Each entry below should be echoed exactly, with pictures omitted.

**** Dataset

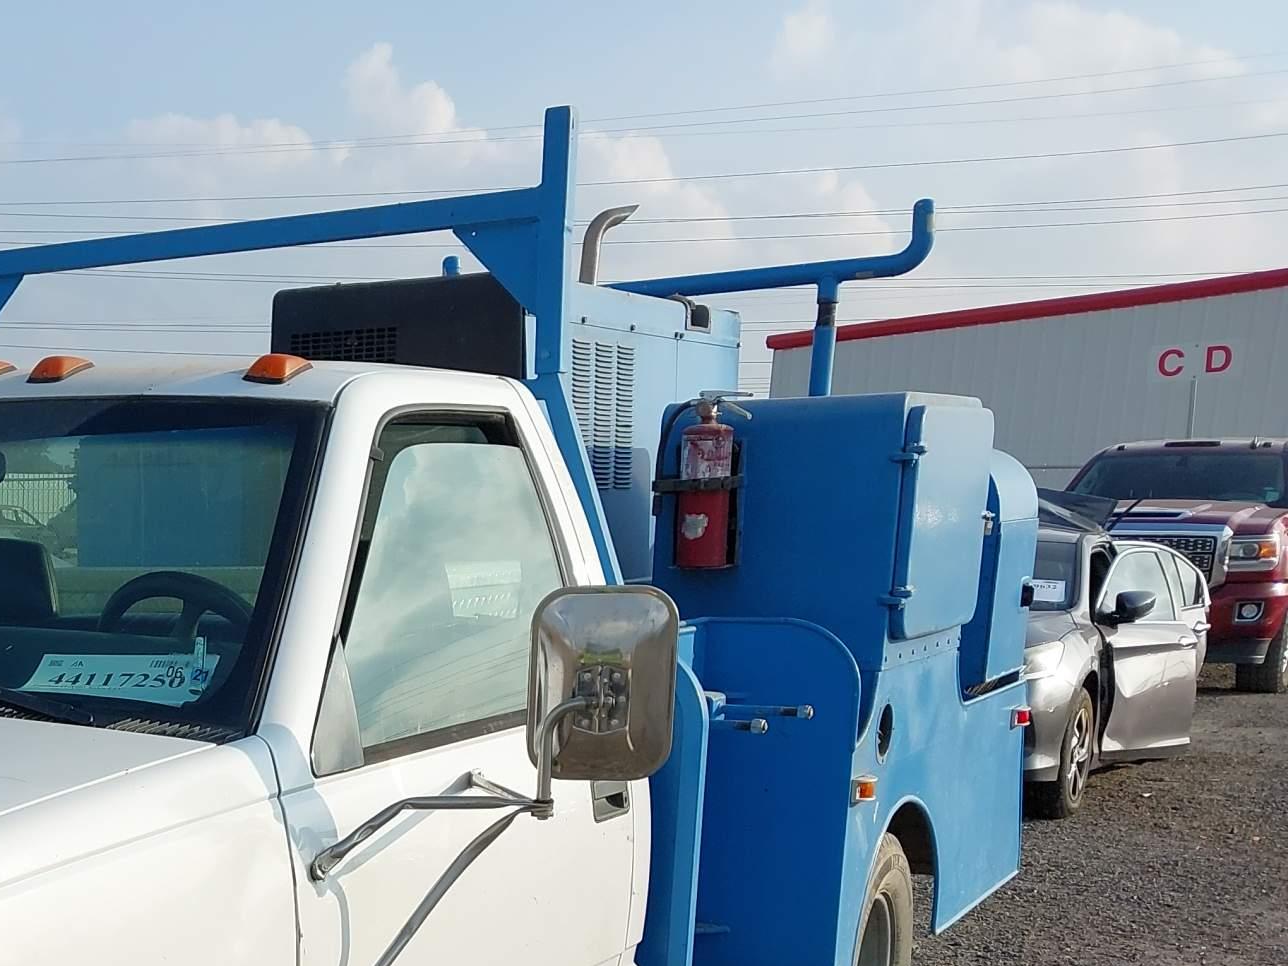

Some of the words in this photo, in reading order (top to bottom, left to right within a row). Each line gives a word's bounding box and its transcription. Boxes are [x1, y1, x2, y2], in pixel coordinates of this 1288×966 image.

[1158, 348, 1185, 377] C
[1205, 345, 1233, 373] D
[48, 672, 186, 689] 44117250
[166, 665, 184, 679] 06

********

• Response to this task:
Some of the words in this photo, in reading order (top to bottom, left to right within a row). Each line gives a word's bounding box and its transcription. Boxes are [x1, y1, x2, y2], in pixel coordinates of this 1288×966 image.

[1158, 348, 1185, 377] C
[1205, 345, 1233, 373] D
[48, 672, 186, 689] 44117250
[166, 665, 184, 679] 06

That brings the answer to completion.